Town in Lincolnshire, England

Burgh le Marsh is a town and civil parish in the East Lindsey district of Lincolnshire, England.

==Geography==
The town is built on a low hill surrounded by former marsh land, and the marsh influenced the town's name. Both the windmill and the church are visible from a distance. The A158 used to run through from west to east, but it was rerouted when a new bypass was opened in late 2007, reducing traffic congestion dramatically. A Roman road passes through the town on the way to Skegness, coming from the north-west via Tetford and Ulceby. The town is on the site of a former Roman fort.

==Saxon burial mound==
Near the parish St. Peter's and St. Paul's Church is a large earthen mound. Excavations in the 1930s found Saxon burial remains here. There is a dip in the top of the mound. Some researchers suggest that it was a site for cockfighting. To this day the mound is known as Cock Hill.

==Amenities==
The town features a traditional bakery, along with two small convenience shops. There is also a fishmonger's, a post office, a Chinese takeaway, a fish and chip shop, a library, a Co-op supermarket, an antiques store, hairdresser's, and a florist. It previously also had two traditional butchers, along with a post office (which has now been combined with one of the convenience shops), an estate agent, a costume shop, and a cafe.

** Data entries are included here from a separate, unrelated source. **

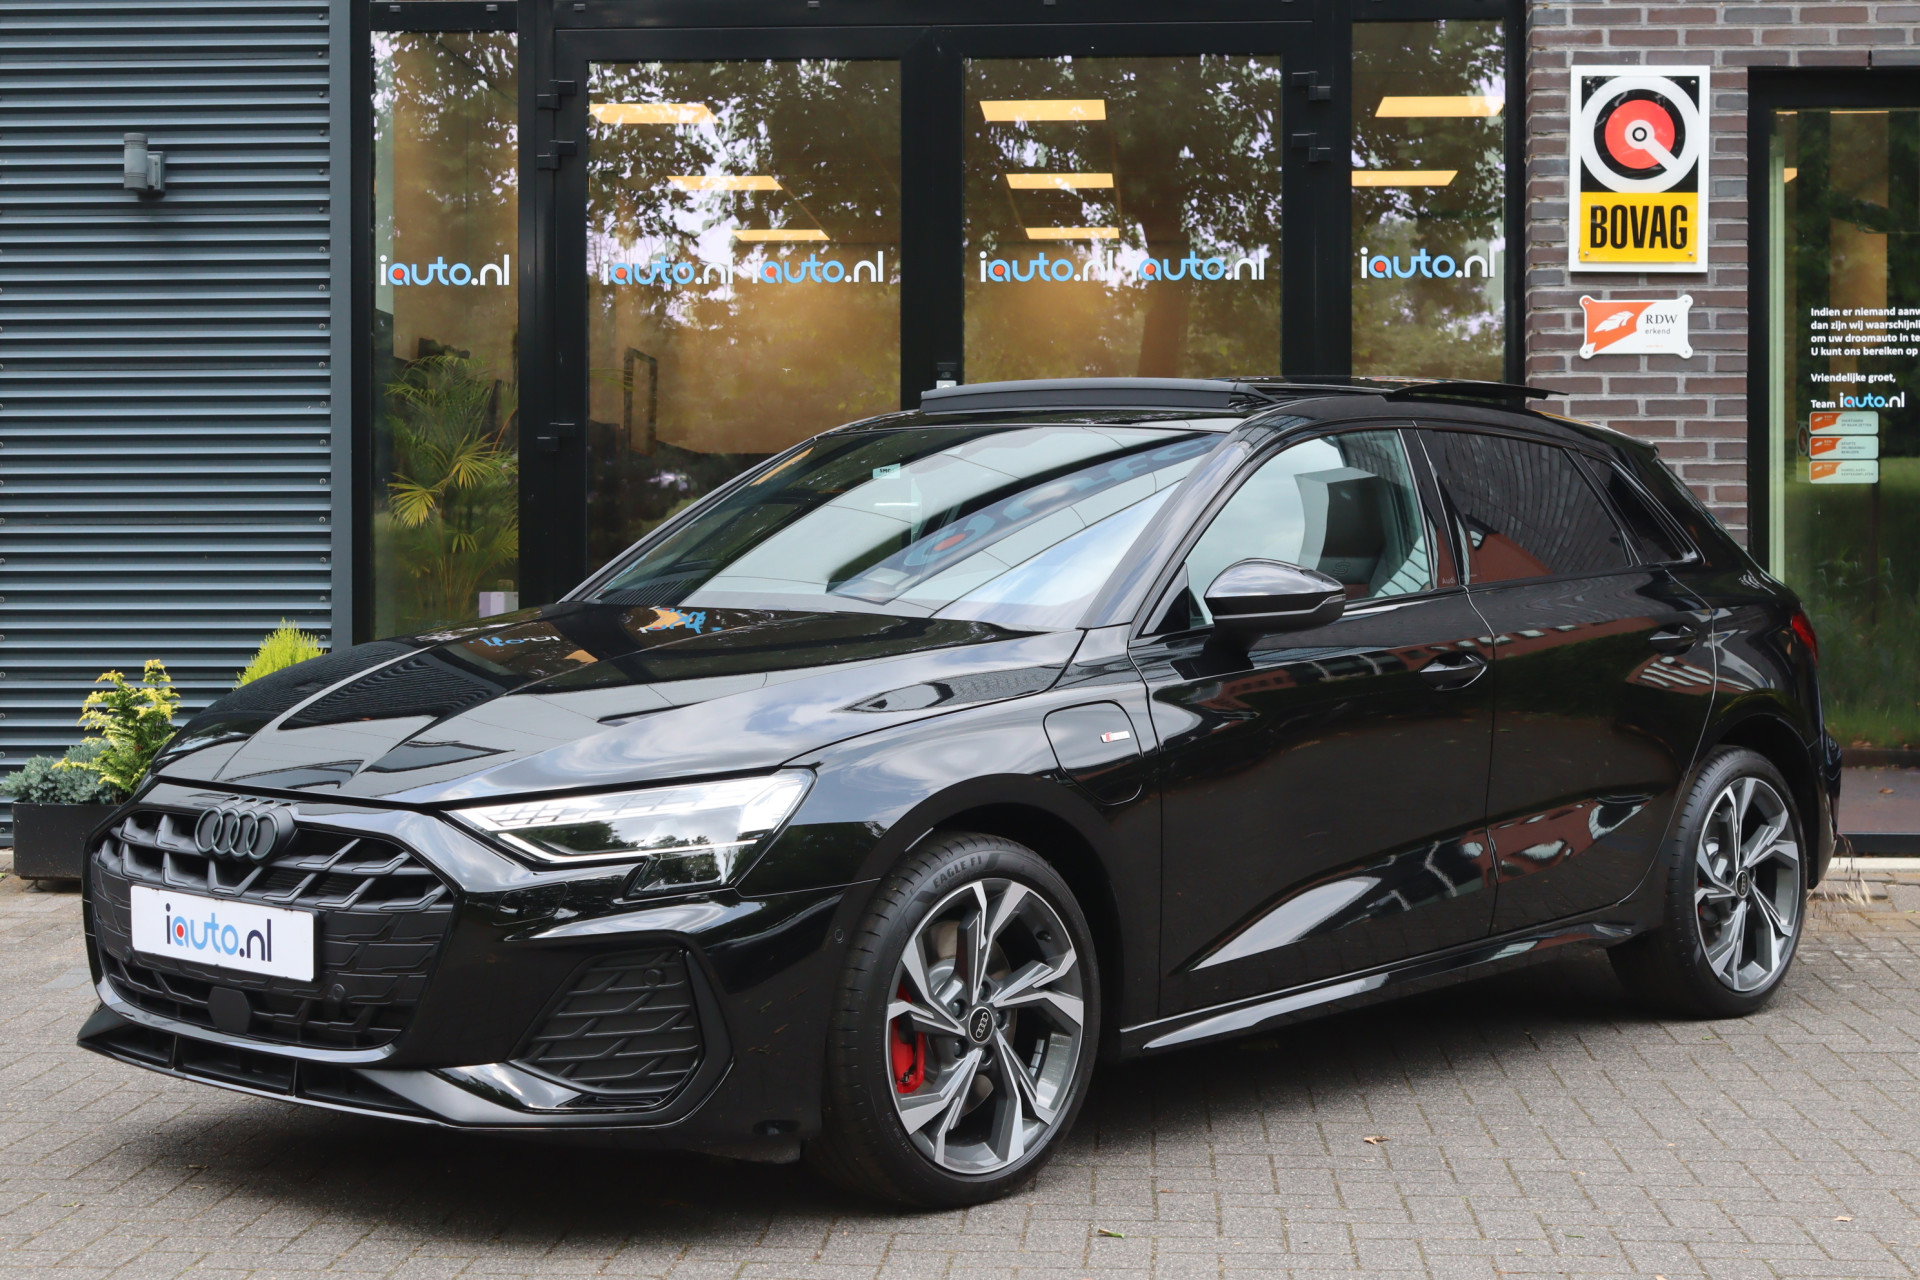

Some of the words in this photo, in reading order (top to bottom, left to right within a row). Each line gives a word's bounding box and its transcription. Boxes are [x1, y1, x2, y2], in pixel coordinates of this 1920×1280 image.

[1590, 205, 1688, 249] BOVAG
[379, 254, 510, 286] iauto.nl
[602, 254, 734, 286] iauto.nl
[751, 250, 884, 284] iauto.nl
[979, 250, 1113, 282] iauto.nl
[1130, 249, 1265, 281] iauto.nl
[1360, 247, 1495, 279] iauto.nl
[1645, 314, 1678, 324] RDW
[1810, 307, 1840, 317] Indien
[1842, 309, 1853, 317] er
[1854, 307, 1896, 317] niemand
[1810, 320, 1829, 330] dan
[1830, 320, 1847, 332] zijn
[1849, 320, 1864, 331] wij
[1810, 335, 1827, 343] om
[1828, 335, 1844, 343] uw
[1845, 333, 1898, 343] droomauto
[1900, 333, 1909, 342] in
[1810, 347, 1819, 356] U
[1820, 346, 1842, 356] kunt
[1843, 348, 1861, 356] ons
[1863, 346, 1904, 356] bereiken
[1905, 347, 1919, 357] op
[1810, 373, 1867, 384] Vriendelijke
[1868, 373, 1897, 384] groet,
[1810, 400, 1836, 409] Team
[1839, 392, 1906, 408] iauto.nl
[933, 860, 968, 889] EAGLE
[165, 903, 272, 962] iauto.nl

Public houses include the Fleece Inn on the Market Square, the Red Lion in Storey's Lane, and the Bell Hotel, the White Hart Hotel, and Ye Olde Burgh Inn on the High Street.

The Burgh le Marsh Grade I listed Anglican parish church is dedicated to St Peter and St Paul. There are also a Baptist church and a Methodist chapel.

St Paul's Missionary College was an institution for training Anglican clergy from 1878 to 1936.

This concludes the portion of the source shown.